Skip to main content
Pixeltable unifies data and computation into a table interface. In this tutorial, we’ll go into more depth on the Hugging Face integration between datasets and how Hugging Face models can be incorporated into Pixeltable workflows to run models locally.
%pip install -qU pixeltable datasets torch transformers tiktoken spacy
Now let’s load the Hugging Face dataset, as described in the Hugging Face documentation.
import datasets

padoru = (
    datasets.load_dataset("not-lain/padoru", split='train')
    .select_columns(['Image', 'ImageSize', 'Name', 'ImageSource'])
)
It preserves the Hugging Face information about whether the data is part of the test, train or validation split.
padoru
Dataset({
    features: ['Image', 'ImageSize', 'Name', 'ImageSource'],
    num_rows: 382
})

Create a Pixeltable Table from a Hugging Face Dataset

Now we create a table and Pixeltable will map column types as needed.
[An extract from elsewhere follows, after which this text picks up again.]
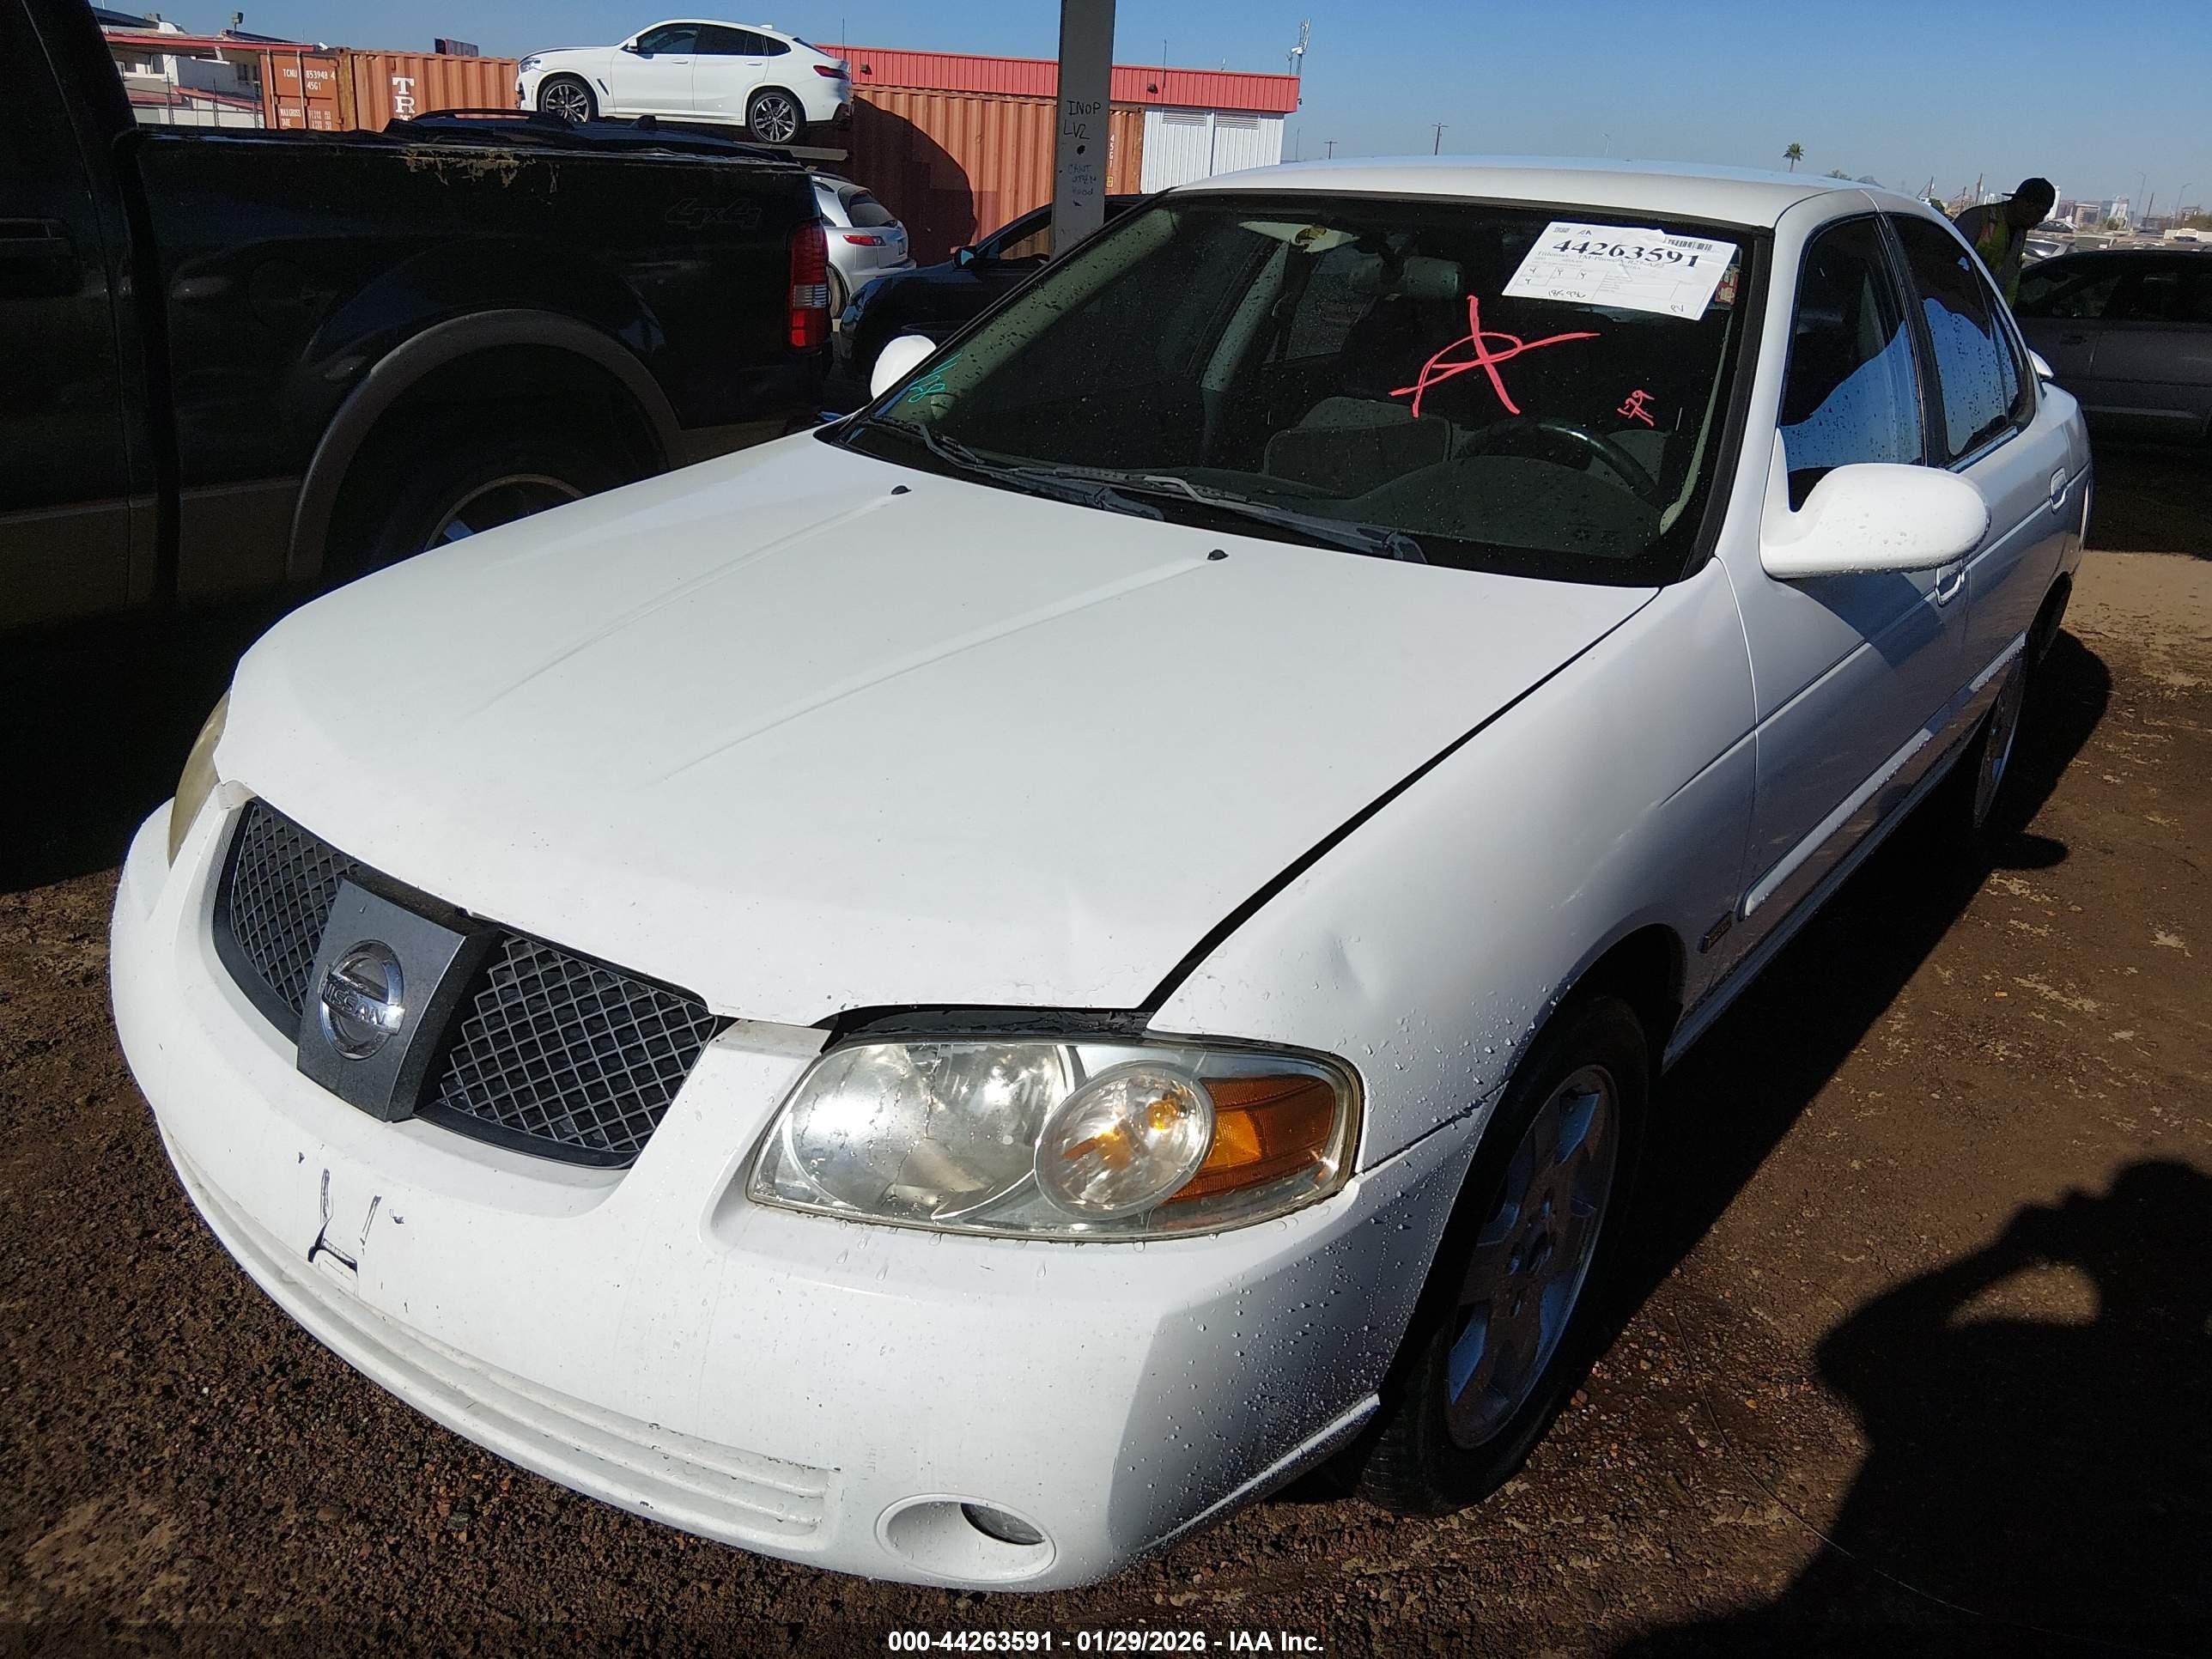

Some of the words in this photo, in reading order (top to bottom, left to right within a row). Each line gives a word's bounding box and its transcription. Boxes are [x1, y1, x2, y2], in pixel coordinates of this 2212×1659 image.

Check out other ways to bring data into Pixeltable with pixeltable.io such as csv, parquet, pandas, json and others.
import pixeltable as pxt

pxt.drop_dir('hf_demo', force=True)
pxt.create_dir('hf_demo')
t = pxt.create_table('hf_demo.padoru', source=padoru)
Connected to Pixeltable database at: postgresql+psycopg://postgres:@/pixeltable?host=/Users/asiegel/.pixeltable/pgdata
Created directory `hf_demo`.
Created table `padoru_tmp_8951741`.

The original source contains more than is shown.